Detailed Description
It should be noted that the following detailed description is exemplary and is intended to provide further explanation of the present disclosure. Unless defined otherwise, all technical and scientific terms used herein have the same meaning as commonly understood by one of ordinary skill in the art to which this disclosure belongs.
It is noted that the terminology used herein is for the purpose of describing particular embodiments only and is not intended to be limiting of exemplary embodiments in accordance with the present disclosure.

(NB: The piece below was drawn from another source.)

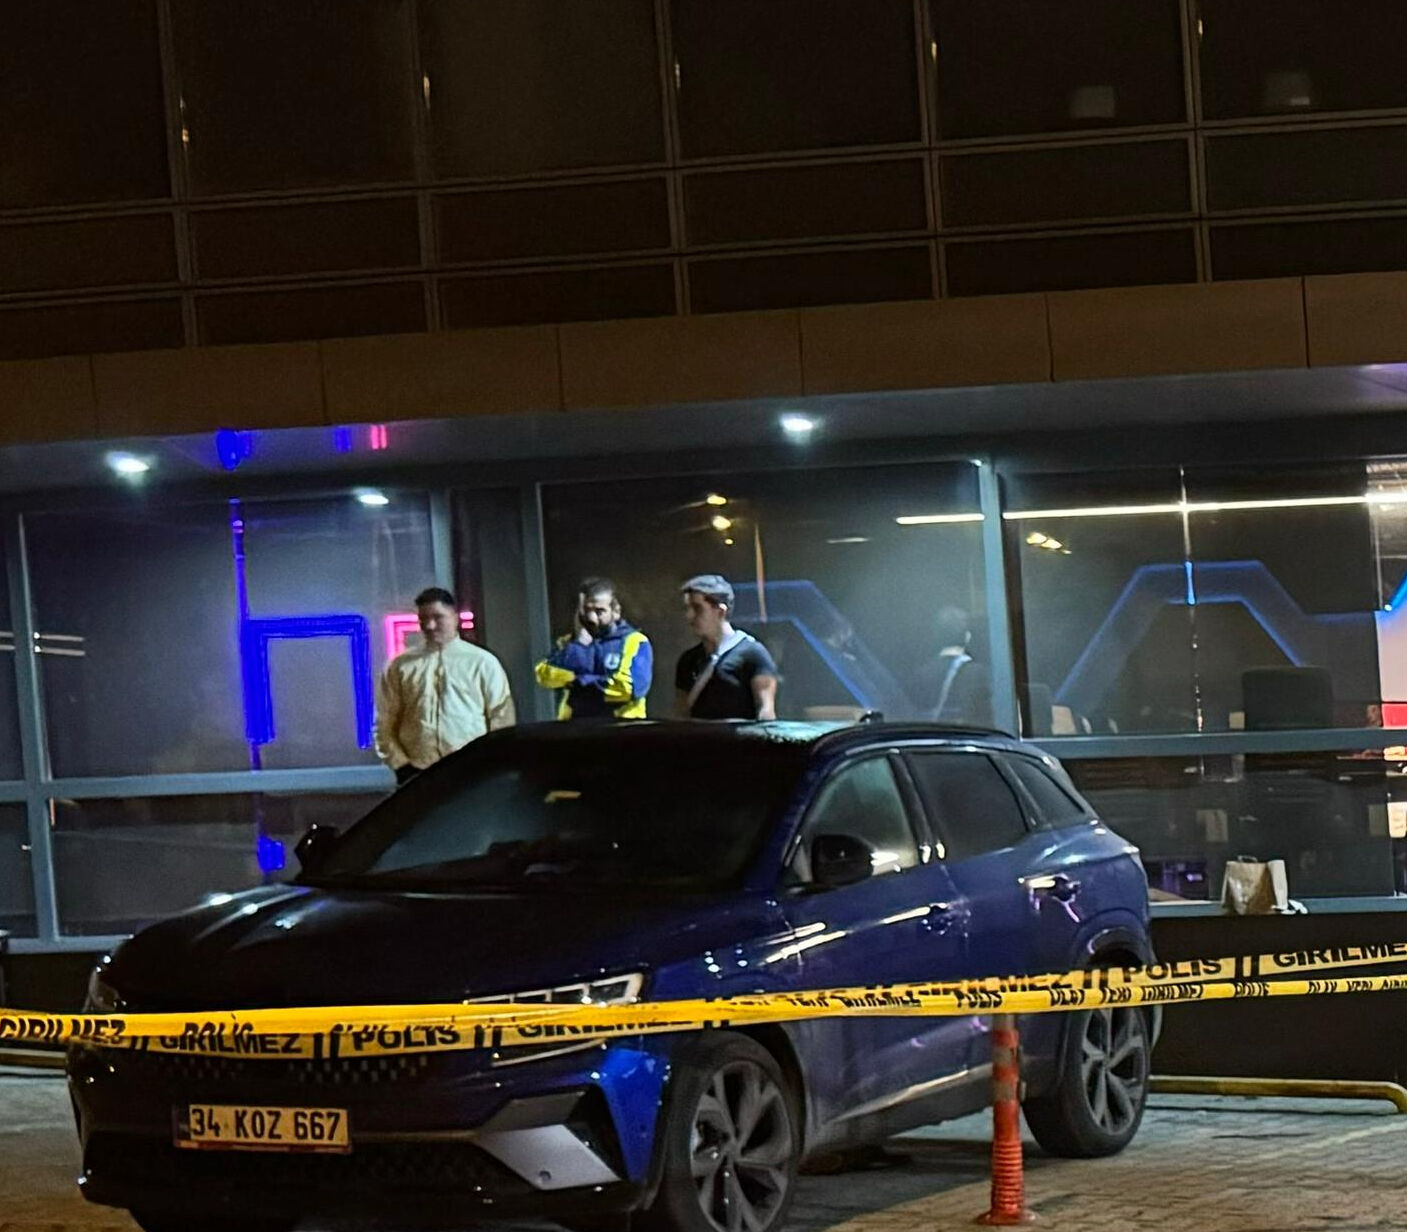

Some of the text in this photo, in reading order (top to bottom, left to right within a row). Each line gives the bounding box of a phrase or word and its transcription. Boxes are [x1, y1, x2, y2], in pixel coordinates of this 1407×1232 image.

[190, 1107, 342, 1142] 34 KOZ 667

As used herein, the singular is also intended to include the plural unless the context clearly indicates otherwise, and furthermore, it is to be understood that the terms "comprises" and/or "comprising" when used in this specification are taken to specify the presence of stated features, steps, operations, devices, components, and/or combinations thereof.
Embodiments of the present disclosure and features of embodiments may be combined with each other without conflict.
In order to make the technical scheme and advantages of the present disclosure more apparent, the present disclosure will be further described in detail below with reference to the accompanying drawings and specific embodiments.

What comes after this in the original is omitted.